Bupati Jombang, Warsubi, menegaskan bahwa peringatan Maulid Nabi bukan sekadar acara seremonial, tetapi juga momentum untuk meneladani akhlak Rasulullah. Salah satunya dengan memperbanyak sholawat serta menumbuhkan kecintaan terhadap Al-Qur’an.
“Melalui pesantren ini, saya berharap warga binaan semakin termotivasi untuk memperbaiki diri. Bahkan, tidak menutup kemungkinan nantinya mereka keluar dari lapas sebagai hafidz maupun hafidzah Al-Qur’an,” ujarnya.
Baca juga : Operasional Dapur Umum Pemkab Kediri Resmi Ditutup
Warsubi menambahkan, Ponpes Al-Muhajirin diharapkan menjadi wadah pembinaan keagamaan, pendidikan, sekaligus spiritual.

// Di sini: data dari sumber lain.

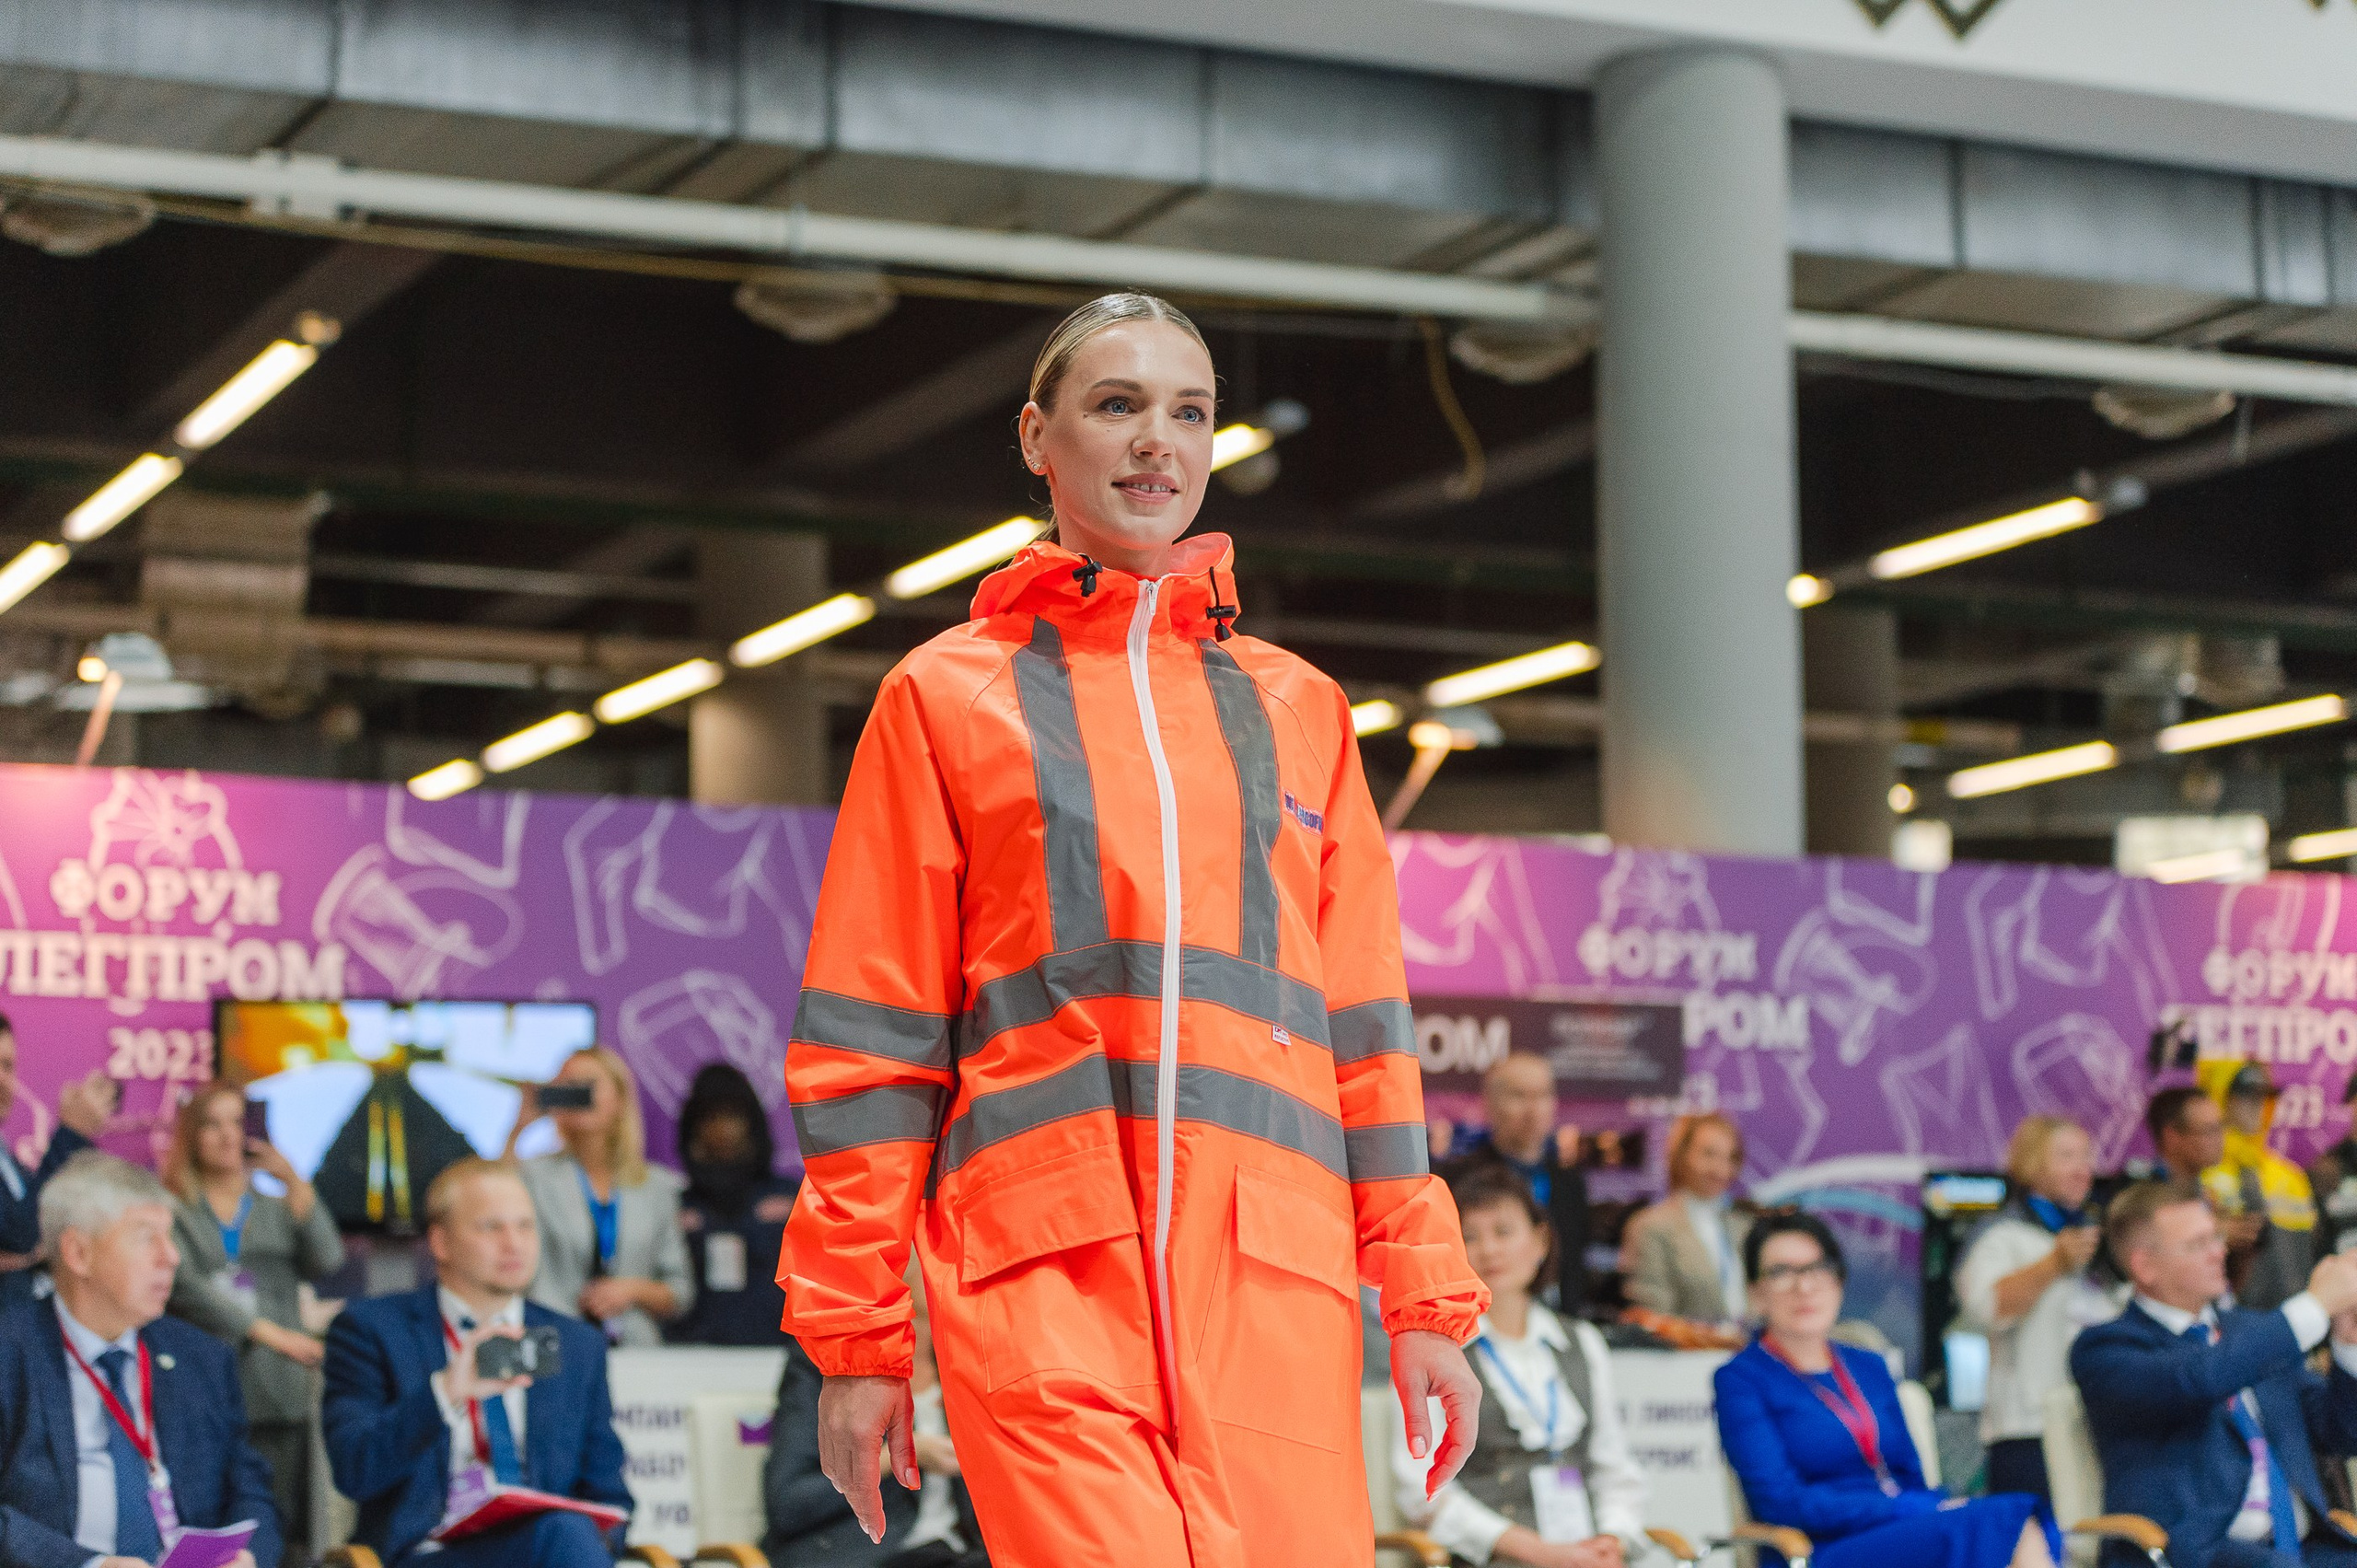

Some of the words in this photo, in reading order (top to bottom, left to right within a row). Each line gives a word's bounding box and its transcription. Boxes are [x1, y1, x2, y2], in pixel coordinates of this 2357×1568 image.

[49, 857, 282, 926] ФОРУМ
[0, 928, 347, 1003] ЛЕГПРОМ
[1576, 923, 1756, 981] ФОРУМ

Dengan bekal ilmu agama yang kuat, para warga binaan diharapkan mampu kembali ke masyarakat dengan pribadi yang lebih baik.
Sementara itu, Kepala Kanwil Ditjenpas Jawa Timur, Kadiyono, menyampaikan bahwa kolaborasi antara pemerintah dan ulama di Jombang telah memberi dampak positif dalam menciptakan suasana lapas yang kondusif.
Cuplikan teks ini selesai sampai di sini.